Subjects and Methods
Subjects with at least 3 months of frequent heartburn relieved by antacids, and with heartburn on at least 4 of 7 days during the week prior to study entry, had their medical history and gastrointestinal pathological characteristics recorded. Tests included esophagogastroduodenoscopy, esophageal motility and sensitivity studies, and 24-hour pH monitoring.

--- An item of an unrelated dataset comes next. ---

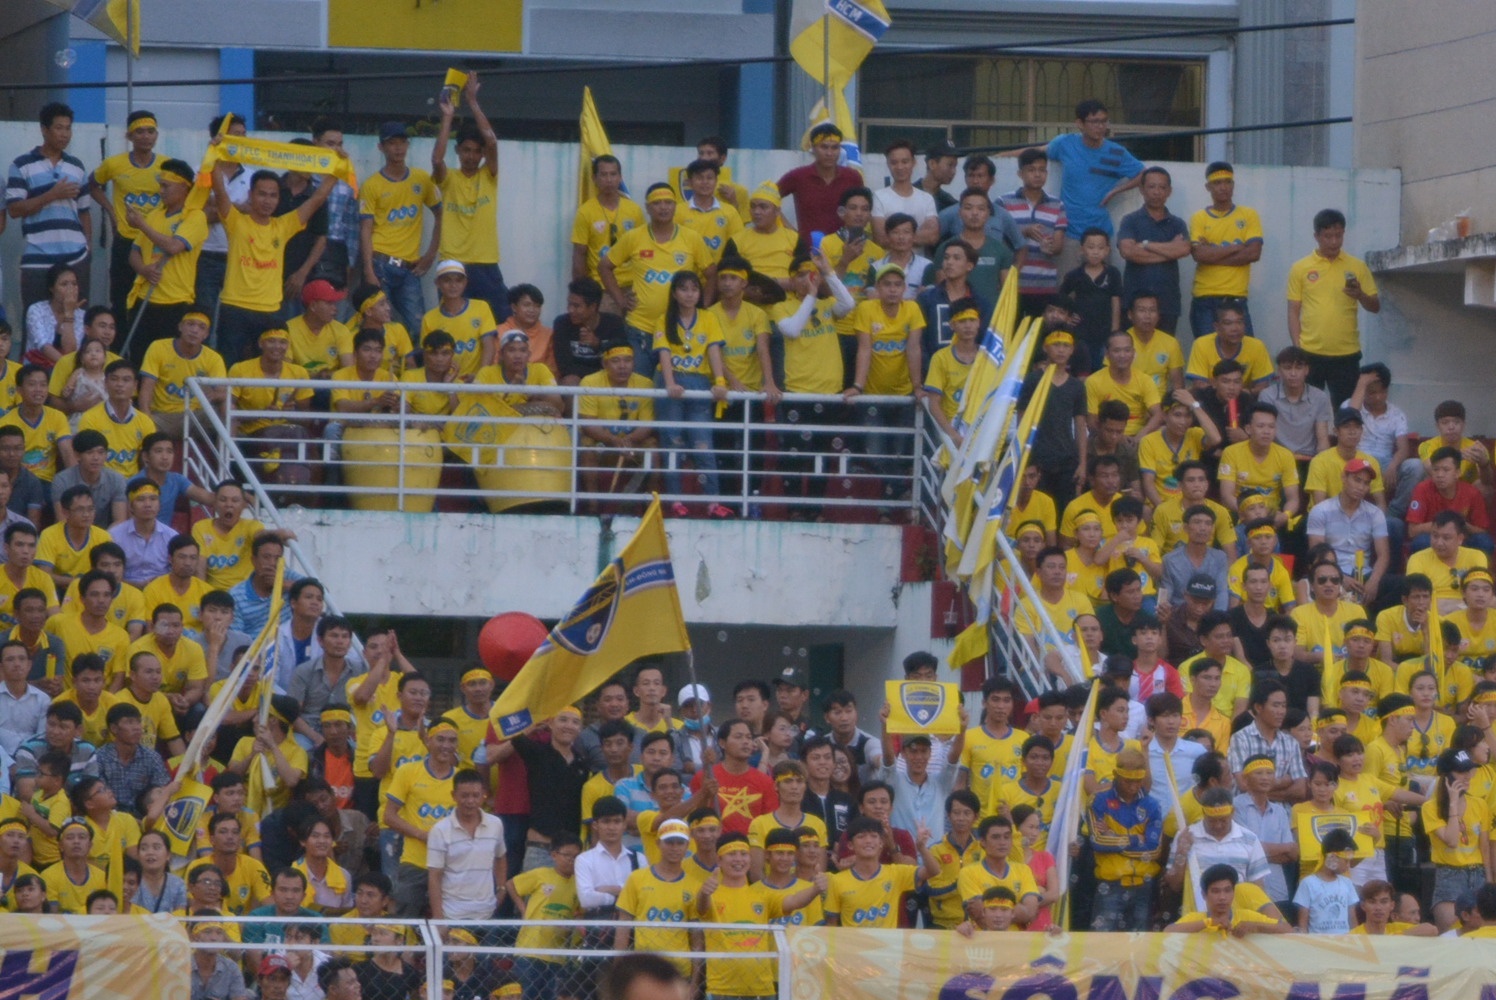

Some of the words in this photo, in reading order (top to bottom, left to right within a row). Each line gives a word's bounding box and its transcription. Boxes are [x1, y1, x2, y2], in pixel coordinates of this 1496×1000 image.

[980, 765, 1017, 780] FC
[646, 906, 685, 922] FLC
[853, 904, 890, 923] FLC
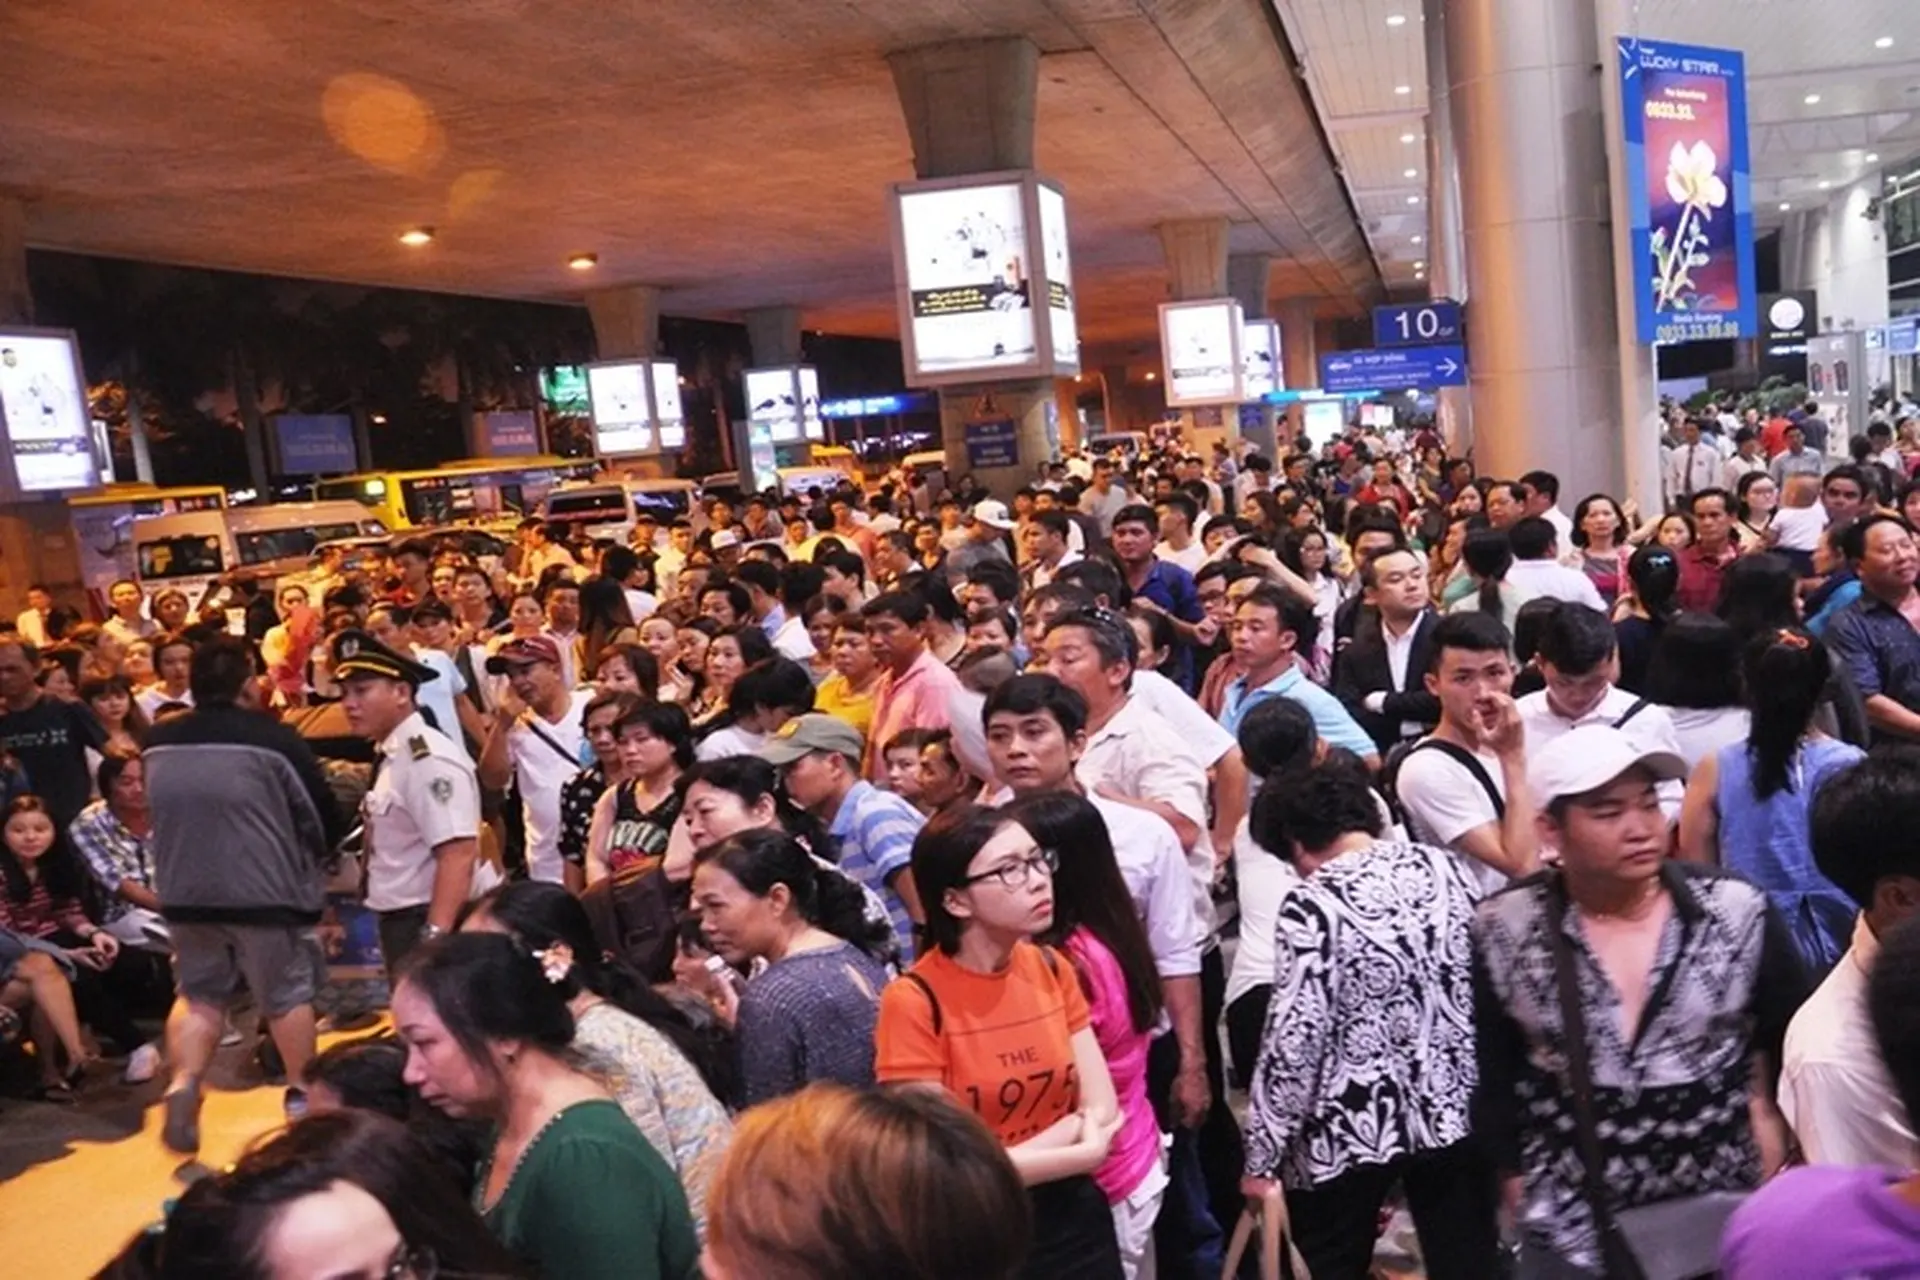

Of 178 subjects screened, 13 were excluded on the basis of other gastrointestinal diseases at baseline, including diffuse esophageal spasm, peptic ulcer disease, dysplastic columnar metaplasia of the esophagus (Barrett's esophagus), and adenocarcinoma. Ten subjects were ineligible because of insufficient baseline heartburn. The remaining 155 eligible subjects had heartburn for an average of 11 years. Forty-seven percent had daily symptoms and 70% described heartburn severity as moderate, even though on endoscopy most (53%) had normal-appearing esophageal mucosa (grade 0 or 1). Esophageal acid sensitivity was present in 86% of subjects. Mean lower esophageal sphincter pressures and esophageal contractile amplitudes were at the lower limits of normal and total esophageal acid contact time was slightly increased.
Chronic heartburn can reflect a wide range of diagnostic findings, including important underlying pathological features, and may warrant a full medical examination to detect such abnormal conditions and to permit selection of appropriate therapy.